A number of SMART on FHIR apps are displayed on SMART’s website. Some of them are already being used in large healthcare organizations that have built their own FHIR-enabled servers. For example, Duke Medicine in Durham, N.C., and Intermountain Healthcare in Salt Lake City are using a growth chart app with their Epic and Cerner EHRs, respectively, notes Mandel. The Danville, Pa.-based Geisinger Health System, which also has an Epic EHR, has introduced a rheumatology app.
Among the other provider organizations now experimenting with SMART on FHIR, Tripathi adds, are Boston Children’s Hospital, Beth Israel Deaconess Medical Center, and Partners Healthcare, all in Boston, and Hackensack Medical Center in Hackensack, N.J.
Provider- and consumer-facing apps
The majority of the 33 apps in SMART’s app gallery are designed to help clinicians in their daily work. Some deal with specific situations such as helping doctors treat excessive bilirubin in newborns, calculate a child’s blood pressure percentile, estimate a patient’s 10-year risk of heart attack or stroke, or predict a patient’s likelihood of adhering to prescribed medications. These functions are not normally available in an EHR.
Cerner has created an app that launches a web portal for a health information exchange network within its EHR. Instead of having to leave the EHR, go to the HIE portal, and sign in to find patient information from other providers, a physician can get that data with a single click and without leaving the electronic chart he or she is working in.
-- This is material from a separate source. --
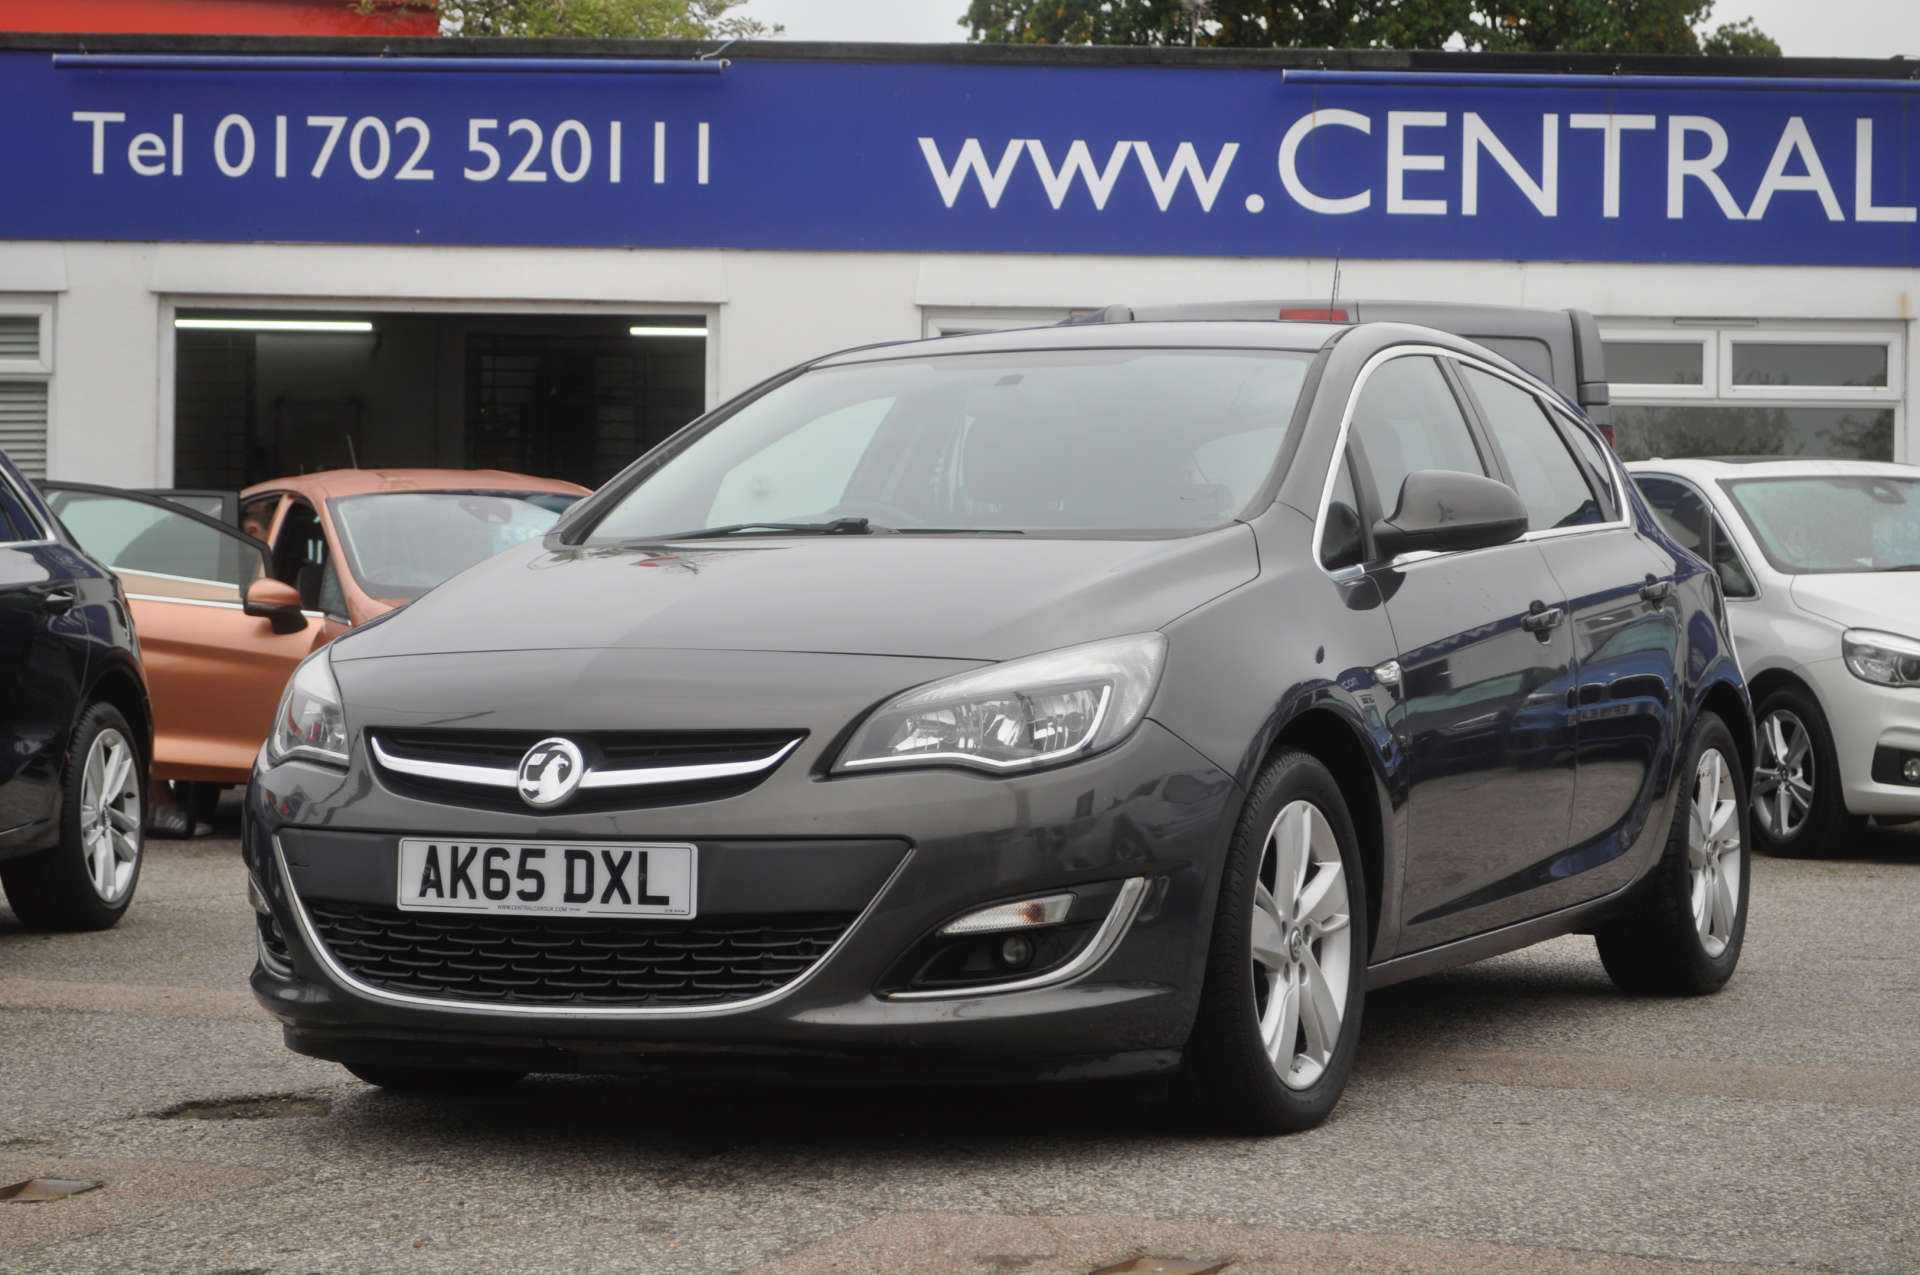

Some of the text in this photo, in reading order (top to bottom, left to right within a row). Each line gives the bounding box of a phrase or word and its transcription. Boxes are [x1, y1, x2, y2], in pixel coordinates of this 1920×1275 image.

[72, 111, 711, 185] Tel 01702 520111
[917, 107, 1918, 223] www.CENTRAL
[418, 844, 670, 906] AK65 DXL
Another app from Crimson Care Management, a division of the Advisory Board Co. consulting firm, expands EHR capabilities for care management. Mandel says a lot of care coordination software vendors are interested in using SMART on FHIR.
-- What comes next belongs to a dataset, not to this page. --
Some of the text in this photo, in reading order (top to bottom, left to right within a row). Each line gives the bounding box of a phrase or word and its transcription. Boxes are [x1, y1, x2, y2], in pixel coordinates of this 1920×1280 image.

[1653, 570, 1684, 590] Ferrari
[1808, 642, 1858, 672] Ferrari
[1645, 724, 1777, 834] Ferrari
Specialists might also use the plug-in technology to customize general-medicine EHRs to their fields without having to use specialty EHRs that lack the advanced features offered by the leading products, Tripathi points out.
Other apps in the SMART gallery suggest the multiplicity of directions for consumer-facing apps. For example, the Duke pillbox app educates patients about the correct dosage and frequency of prescribed medications. Mandel cites another app that helps patients shop for drugs in local pharmacies. A “metabolic meter” app helps patients understand their risk of diabetes, heart attack and stroke.
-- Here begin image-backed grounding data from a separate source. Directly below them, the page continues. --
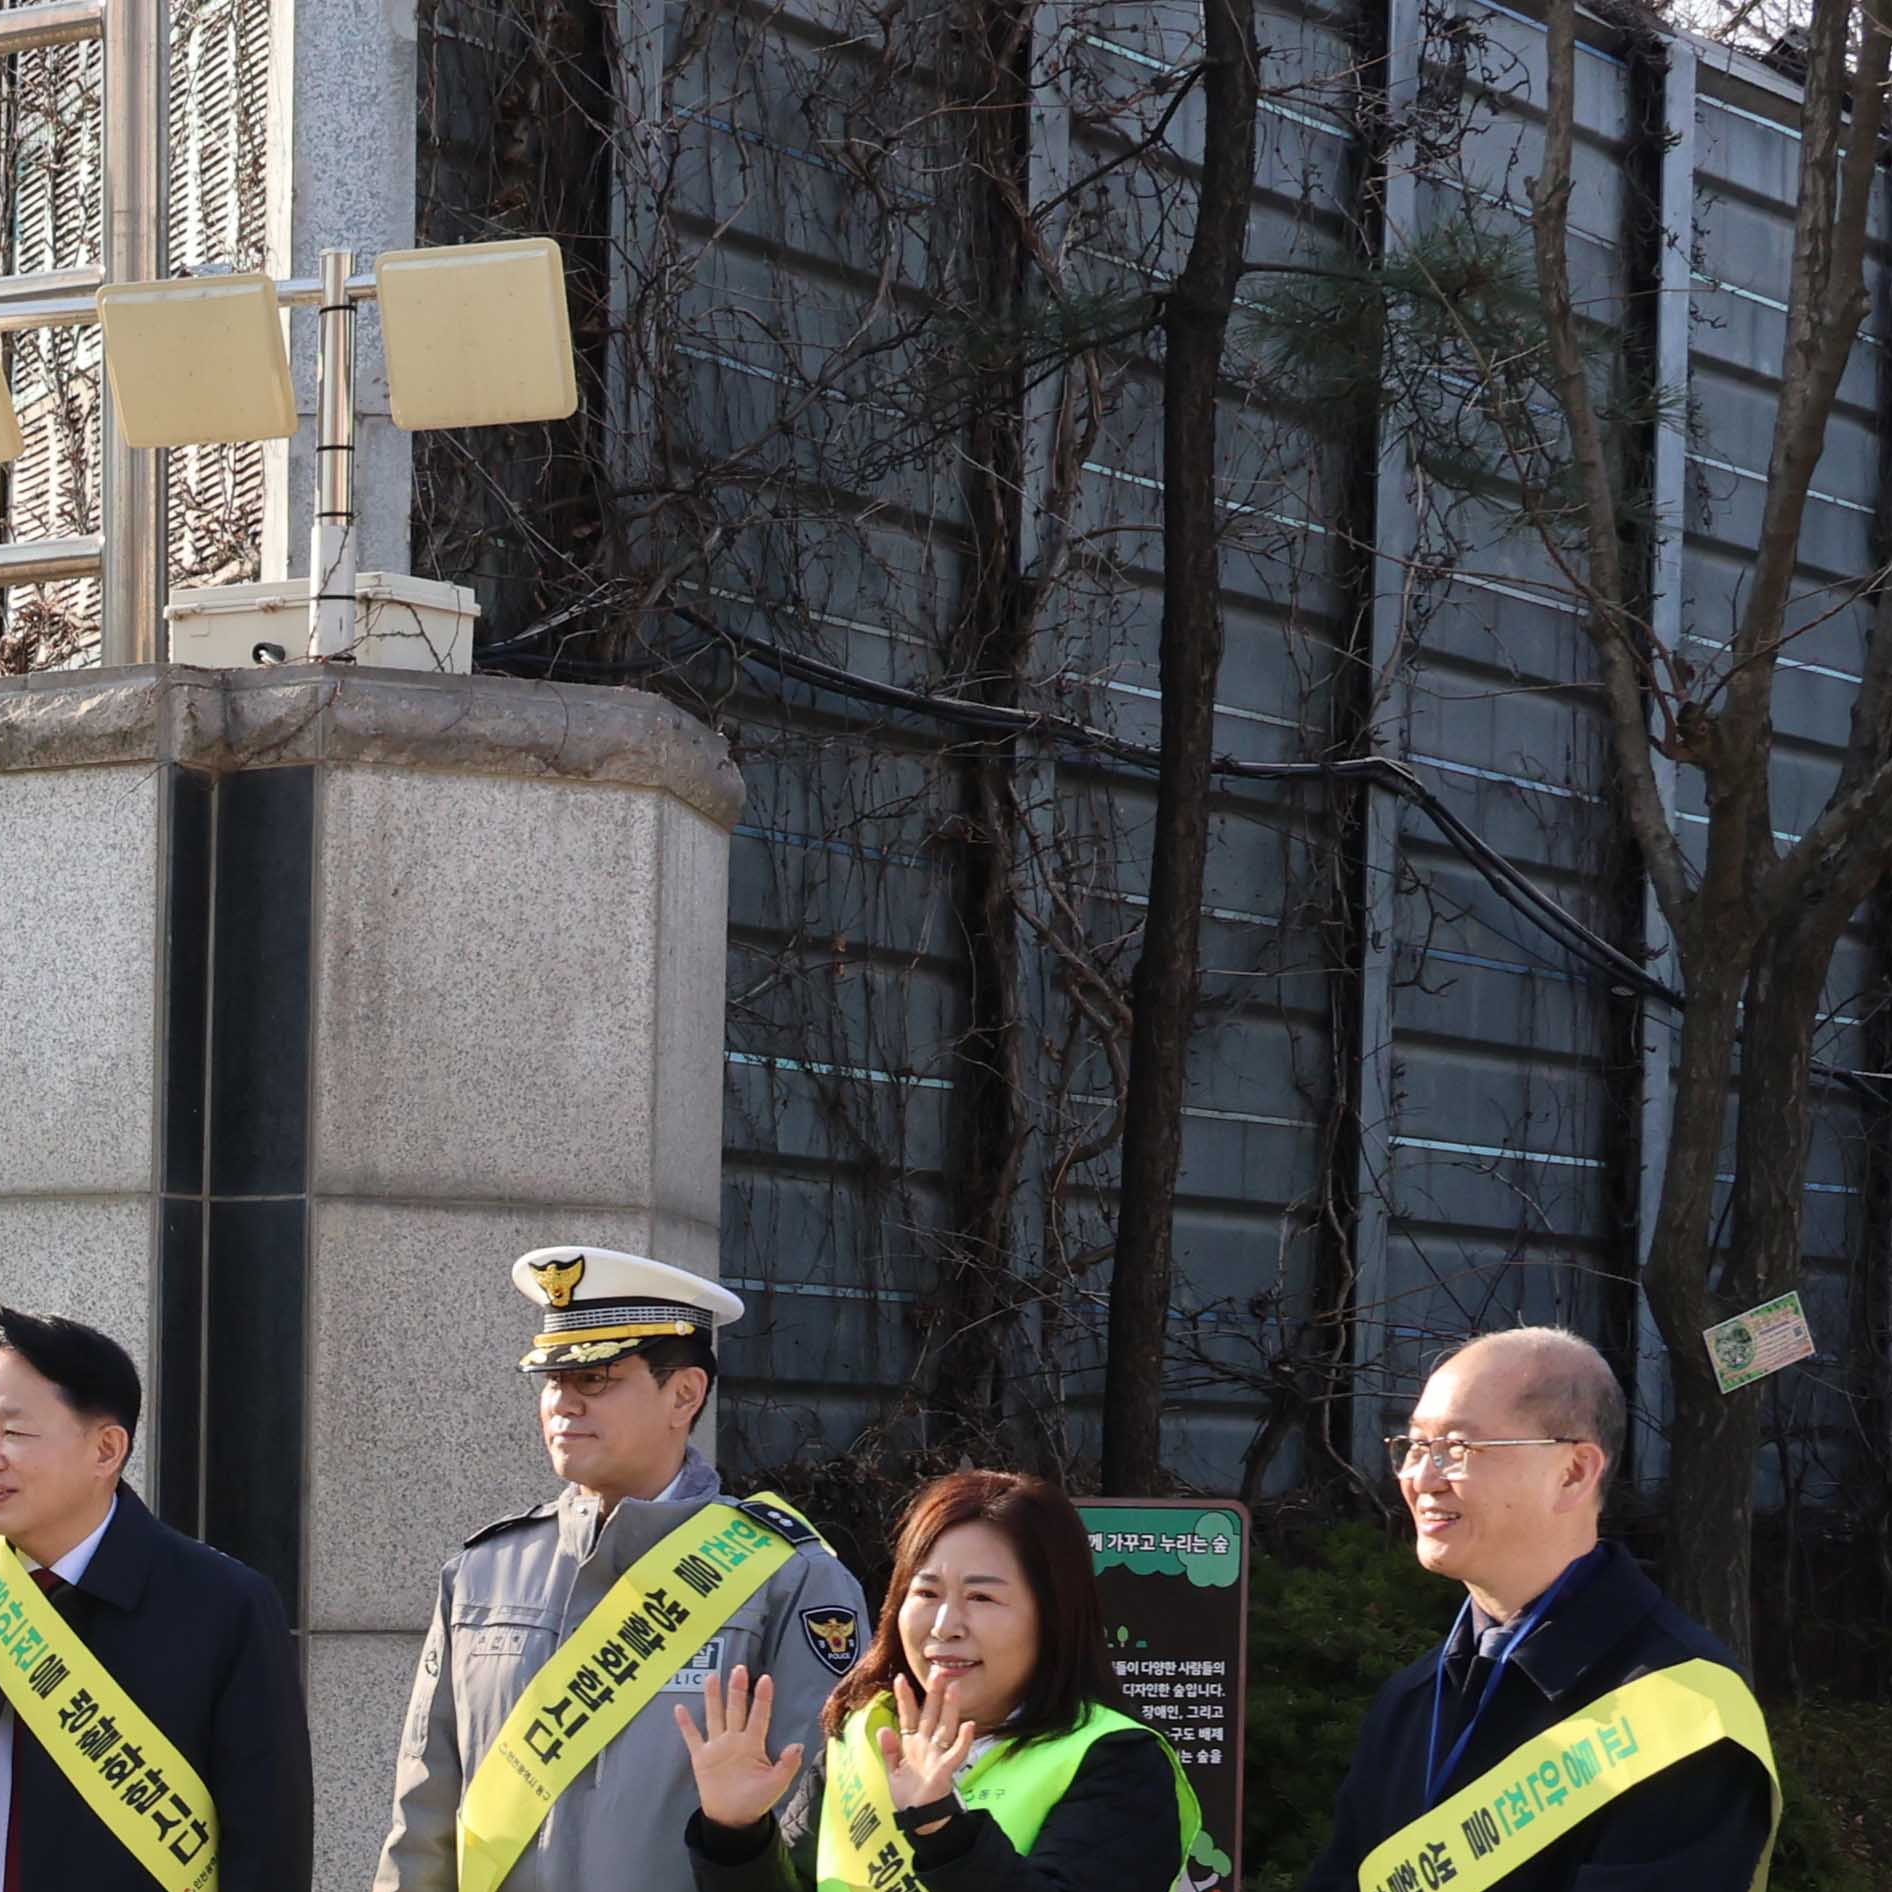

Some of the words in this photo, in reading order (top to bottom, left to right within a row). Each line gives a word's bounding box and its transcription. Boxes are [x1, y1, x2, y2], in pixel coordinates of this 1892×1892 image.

[1107, 1533, 1157, 1554] 가꾸고
[1159, 1533, 1209, 1554] 누리는
[1212, 1533, 1230, 1554] 숲
[828, 1651, 852, 1661] POLICE
[1112, 1660, 1139, 1676] 들이
[1141, 1660, 1177, 1676] 다양한
[1178, 1660, 1226, 1676] 사람들의
[522, 1587, 692, 1766] 생활화합시다
[1122, 1682, 1171, 1698] 디자인한
[1173, 1682, 1227, 1698] 숲입니다.
[1141, 1704, 1184, 1720] 장애인,
[1186, 1704, 1225, 1720] 그리고
[1165, 1726, 1196, 1742] 구도
[1197, 1726, 1224, 1742] 배제
[1196, 1748, 1223, 1765] 숲을
[57, 1687, 211, 1866] 생활화합시다
[1460, 1715, 1640, 1861] 교통안전을
When SMART on FHIR is widespread enough to serve as the basis for exchanging health information between providers, this might be done in either or both of two ways. In one scenario, hospitals and doctors could use the FHIR API to extract data from the EHRs of other providers, perhaps on a cloud-based platform. Alternatively, patients could use apps to download their own health information to personal health records (PHRs) stored in the cloud. They could then decide which data to share with particular providers, family members, or others.
Experts are divided over which of these scenarios is more likely. Tripathi says that both will occur, but that more information exchange will occur between providers. “It’s the providers who have the immediate clinical and business need to do it every day,” he says.
Most patients today expect their physicians and hospitals to store their data and allow them to access it through a portal, Tripathi says. However, patients with serious chronic diseases are more interested in making sure that their records are shared among providers, he adds.
Mandel agrees that both information-sharing scenarios will occur. The patient-mediated method of data exchange has advantages in terms of data control and privacy, he says. “On the other hand, we’re not going to enable this data liquidity in one fell swoop,” he notes. Initially, he predicts, providers will share patient data only in ways that make business sense to them and will open it up only to apps they trust.